To carry out the Markov chain analysis, recall that you need to do the following.

1. Define the state space, $\Sigma$.
2. Construct a probability transition matrix, $P \equiv \left(p_{ij}\right)$ where $p_{ij} \equiv \mathrm{Pr}[\sigma_j\,|\,\sigma_i]$ is the conditional probability of moving to state $\sigma_j$ starting from state $\sigma_i$ for every pair of states $\sigma_i, \sigma_j \in \Sigma$.

For the 1-D, 3-cell system, the state space $\Sigma$ consists of all possible grid states, $\sigma \equiv (g_1, g_2, g_3)$ where $g_i \in \left\{ \mathtt{S}, \mathtt{I}_1, \ldots, \mathtt{I}_k, \mathtt{R} \right\}$.

**Exercise 3** (2 points). Generate a Python [set()](https://docs.python.org/3/library/stdtypes.html#set) named `Sigma` that contains all possible grid-state triples.

> Hint: Take a look at [`itertools.product()`](https://docs.python.org/3/library/itertools.html#itertools.product).

In [None]:
CELL_VALUES = [SUSCEPTIBLE] + list (range (INFECTED, INFECTED+K+1))

# Generate Sigma
#Sigma = set (...)
# YOUR CODE HERE
raise NotImplementedError()

print ("For k ==", K, "each cell may have these values:", CELL_VALUES)
print ("==>", len (Sigma), "possible states in total.\n")
print ("Here are the states:")
print (Sigma)

In [None]:
assert len (Sigma) == (K+2)**N
for i in range (0, K+2):
    for j in range (0, K+2):
        for k in range (0, K+2):
            assert (i, j, k) in Sigma
print ("\n(Passed.)")

To construct the probability transition matrix, $P$, we will eventually need to map individual states to integer indices. The following code builds two lookup tables for converting grid states to integers and vice-versa.

In [None]:
INDEX_TO_SIGMA = dict (enumerate (Sigma))
SIGMA_TO_INDEX = {val: key for (key, val) in INDEX_TO_SIGMA.items ()}

print ("==> Index to state table:\n", INDEX_TO_SIGMA, "\n")
print ("==> State to index table:\n", SIGMA_TO_INDEX)

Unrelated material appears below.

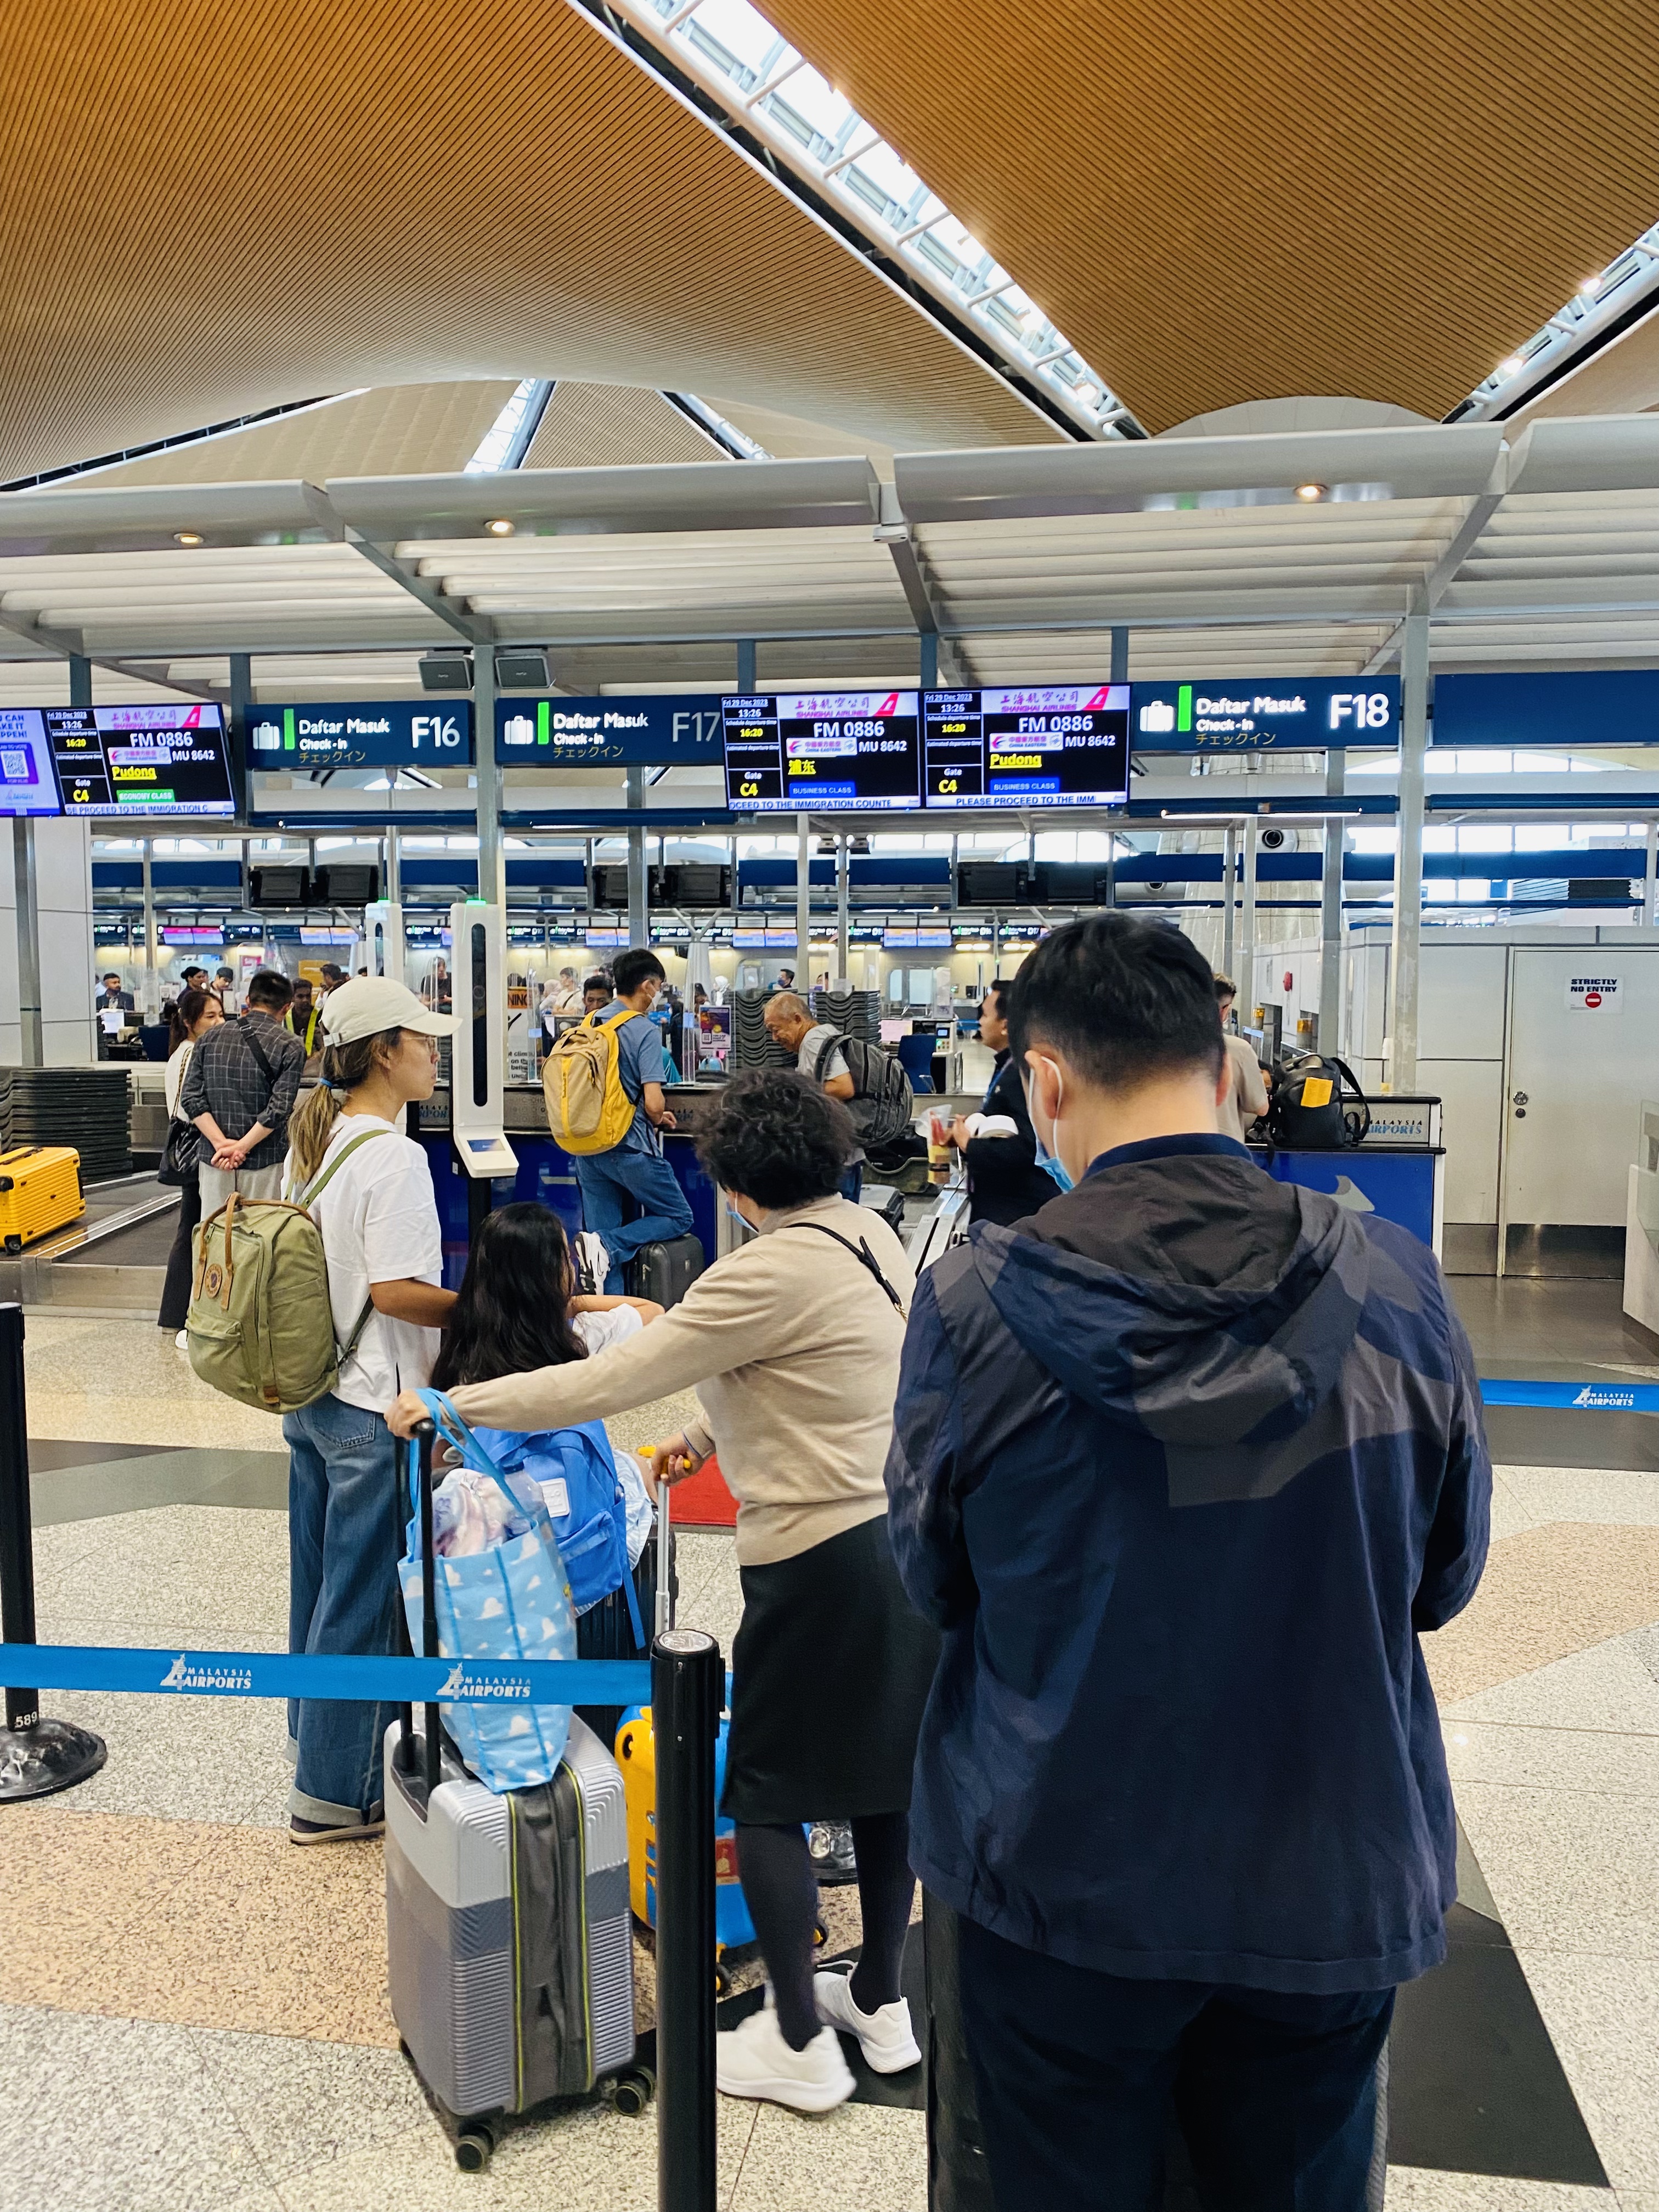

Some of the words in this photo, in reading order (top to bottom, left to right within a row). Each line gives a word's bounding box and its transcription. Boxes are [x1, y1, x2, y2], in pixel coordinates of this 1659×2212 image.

The states are tuples whereas the grid in our simulation is a 2-D array (with an artificial empty boundary). Here are some handy functions to convert between a grid and a state.

In [None]:
def convert_state_to_grid (s):
    """
    Converts a state, given as a tuple `s`, into an equivalent
    1-D grid with `len (s)` cells.
    """
    G = create_world_1d (s)
    return G

def convert_grid_to_state (G):
    """
    Converts a 1-D grid (with its empty boundary)
    into a state tuple.
    """
    G_interior = G[1:-1]
    return tuple (G[1:-1])

In [None]:
# Test
assert N == 3
SIGMA0 = (SUSCEPTIBLE, INFECTED, SUSCEPTIBLE)
G0 = create_world_1d (SIGMA0)

print ("==> Original grid:")
print (G0, "\n")

print ("==> Equivalent state (id):")
s0 = convert_grid_to_state (G0)
i0 = SIGMA_TO_INDEX[s0]
print ("State", s0, "--> index", i0, "\n")

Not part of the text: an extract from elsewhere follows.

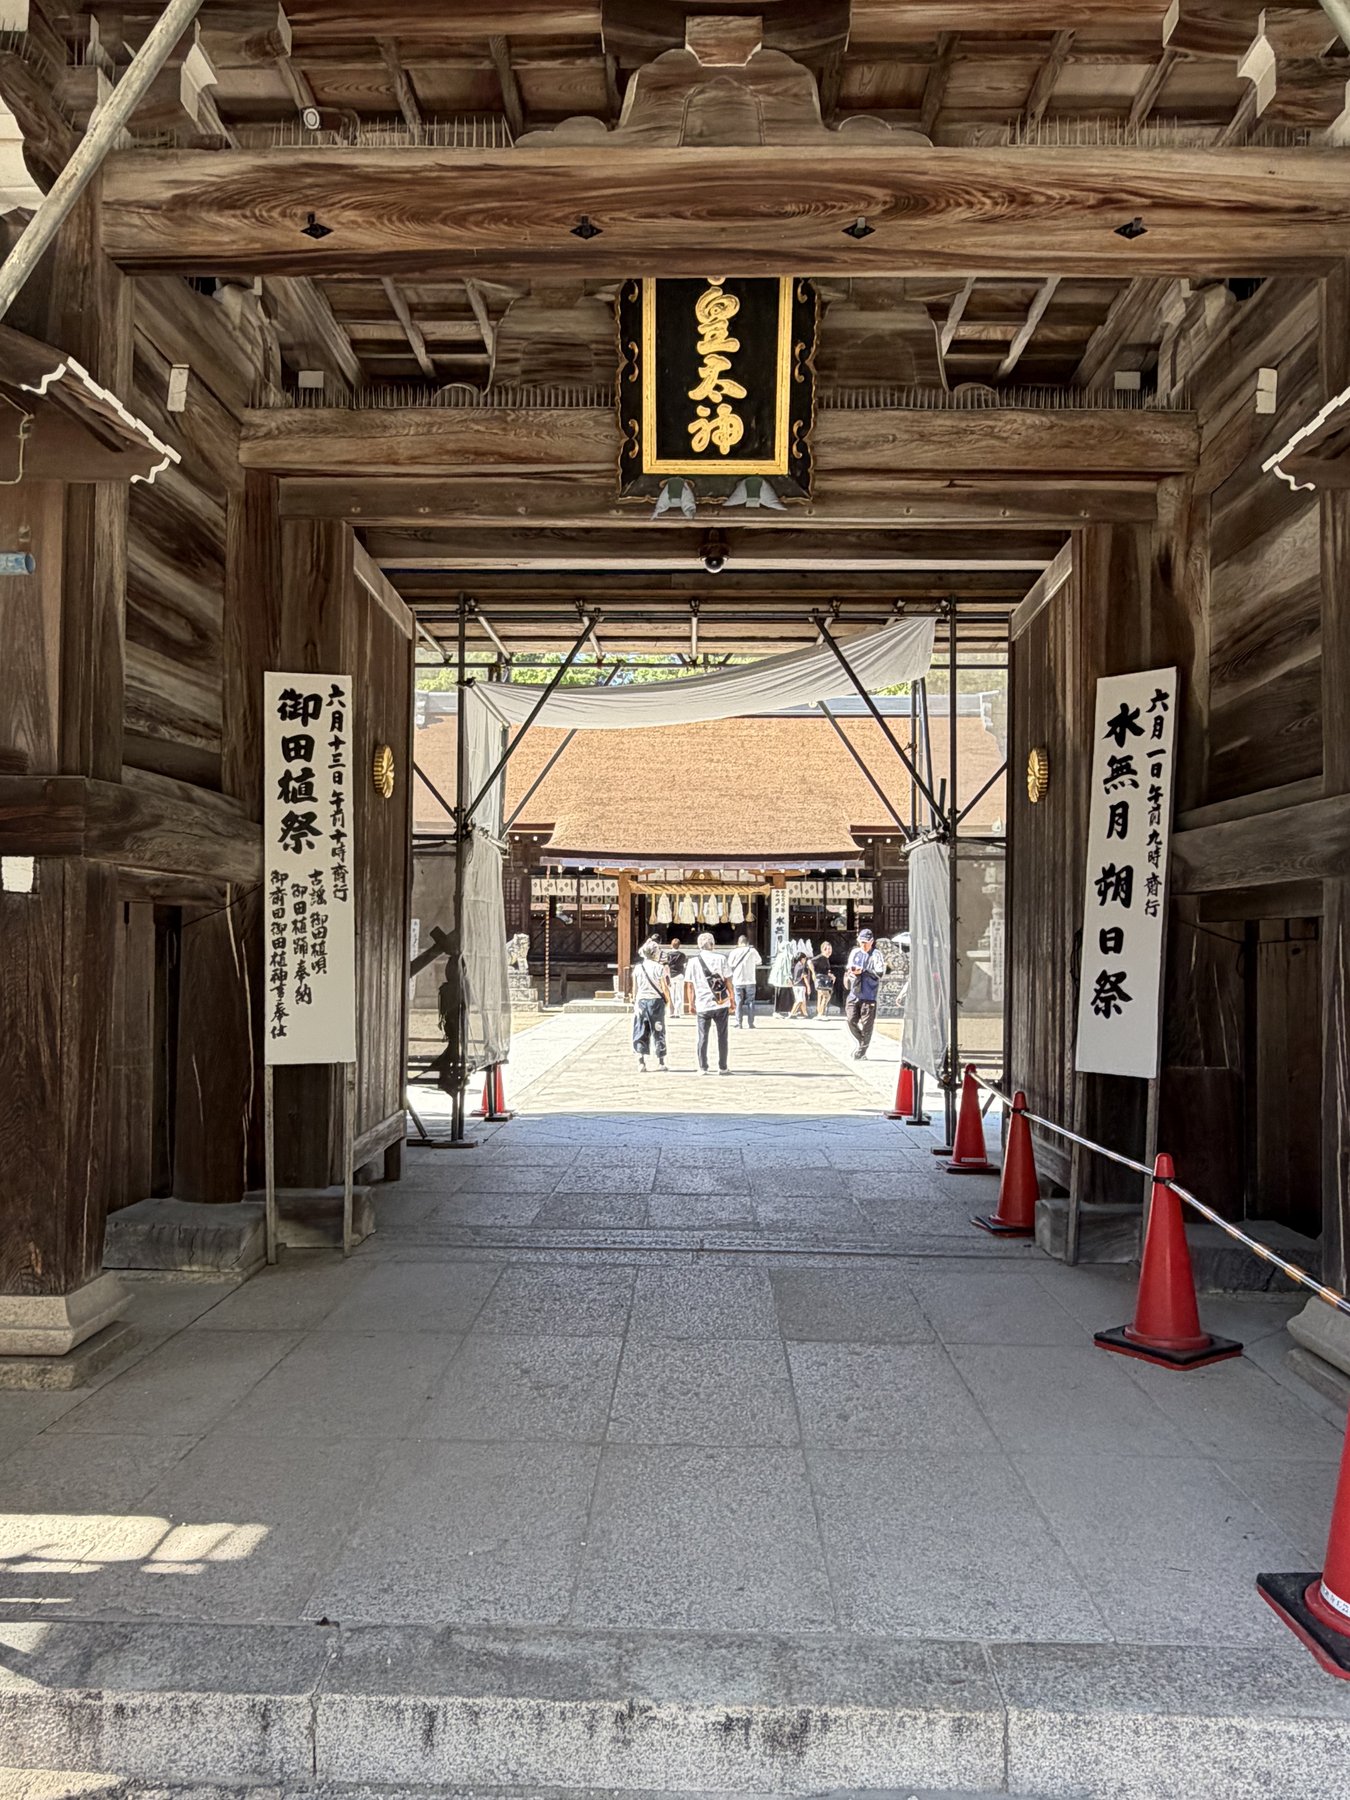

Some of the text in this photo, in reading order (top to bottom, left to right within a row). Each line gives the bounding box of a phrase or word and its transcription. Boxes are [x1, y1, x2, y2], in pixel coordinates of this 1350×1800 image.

print ("==> Convert back to grid:")
s0_prime = INDEX_TO_SIGMA[i0]
G0_prime = convert_state_to_grid (s0_prime)
print (G0_prime, "\n")

assert (G0 == G0_prime).all ()
print ("==> Passed!")

## Reachability

The last thing you need to compute $p_{ij}$ is a way to enumerate all _reachable_ $j$ values, given $i$. The following code cells build a function to determine reachability.

**Exercise 4** (2 points). Let $\tau$ be the conditional probability that an exposed individual becomes infected. Further suppose the grid contains $n_e$ exposed individuals.

1. How many different ways are there for $n_s$ individuals to become infected? (Assume $0 \leq n_s \leq n_e$.)
2. What is the probability of $n_s$ of the $n_e$ individuals becoming infected?

YOUR ANSWER HERE

In [None]:
def reachable (G, k, tau):
    """
    Generator to enumerate all worlds reachable in one
    simulation step from a given world.
    """
    # Find all infected cells
    I = infected (G, k)
    if np.sum (I) == 0: # No infected cells
        yield (1.0, G)
    else: # >= 1 infected cell
        # Find number and locations of all exposed cells
        locs_E = find (exposed (G, k))
        n_E = len (locs_E)

        # Try all possible spreading combinations
        for k in range (n_E+1):
            # Probability that a particular set of k exposed people become infected:
            prob_k = (tau**k) * ((1.0 - tau)**(n_E - k))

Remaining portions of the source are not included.